Roots to fruits: The demise of the greengrocer

In a new regular column, author of The Ethical Carnivore Louise Gray explores her roots in the greengrocer trade and the stories behind some of the most popular fruit and veg.

Recently, I wrote a piece about my great-grandfather Willie Rankin’s chain of greengrocer shops, Rankins’ of Edinburgh. I expected a few responses from fruit and veg ‘nerds’ into historic trade routes and vegetable breeding (you know who you are). What I did not expect was an outpouring of nostalgia for the traditional greengrocer.

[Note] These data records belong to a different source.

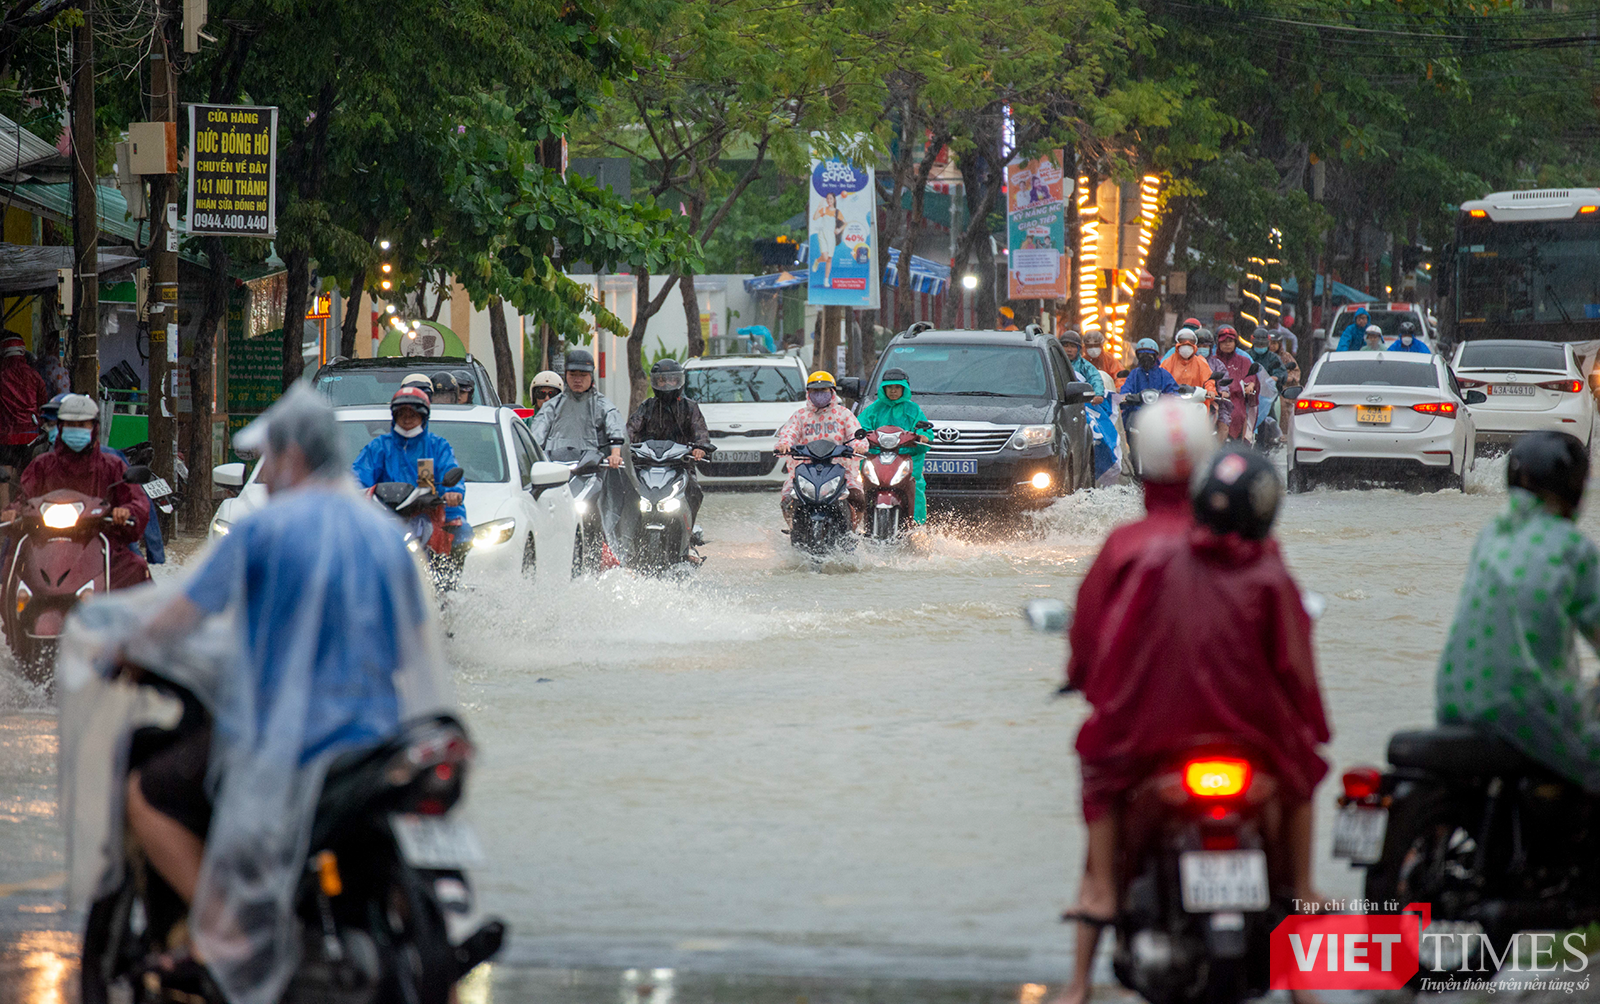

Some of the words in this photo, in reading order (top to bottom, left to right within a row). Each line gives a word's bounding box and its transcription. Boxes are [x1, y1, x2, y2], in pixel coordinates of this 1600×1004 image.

[208, 108, 228, 122] CỬA
[231, 111, 259, 124] HÀNG
[196, 127, 219, 153] ĐỨC
[221, 125, 252, 154] ĐỒNG
[254, 126, 269, 155] HỒ
[197, 157, 233, 173] CHUYỂN
[235, 159, 247, 174] VỀ
[249, 161, 268, 174] ĐÂY
[196, 178, 213, 194] 141
[216, 176, 233, 194] NÚI
[235, 177, 267, 196] THÀNH
[196, 197, 216, 211] NHẬN
[218, 197, 233, 210] SỬA
[234, 198, 255, 211] ĐỒNG
[256, 198, 267, 211] HỒ
[1049, 203, 1062, 212] MC
[194, 213, 268, 230] 0944.400.440
[1018, 219, 1037, 230] GIAO
[845, 234, 865, 242] 40%
[1493, 385, 1534, 395] 43A-449.10
[1361, 414, 1388, 422] 437.51
[923, 461, 975, 473] 3A-001.61

Strangers and quite a few long-lost cousins got in touch to share their memories of Rankins’. The greengrocer was often a childhood memory and the descriptions have all the colour and excitement of a child’s imagination: the huge cauldron of beetroot bubbling at the back of a store, the smell of strawberries arriving by train from Hampshire in June, the excitement of bananas ‘just flown in from Jamaica’ or trying new ‘avocado pears’ from South Africa.

Rankins
Rankins’ of Edinburgh, in 1968.

There were 20 branches of Rankins’ throughout the city and many remembered working as shop boys and girls after school in their smart green aprons. Customers would come in every two days to stock up on fresh vegetables and seasonal fruit, rather than bulk buy, and always returned boxes. There was no plastic.

Then there were the characters: my great grandfather chain-smoking in a bowler hat, my Great Aunt May stamping ration books and making sure no one got an extra banana and the staff who sent flowers to a sick little girl on the street every day. 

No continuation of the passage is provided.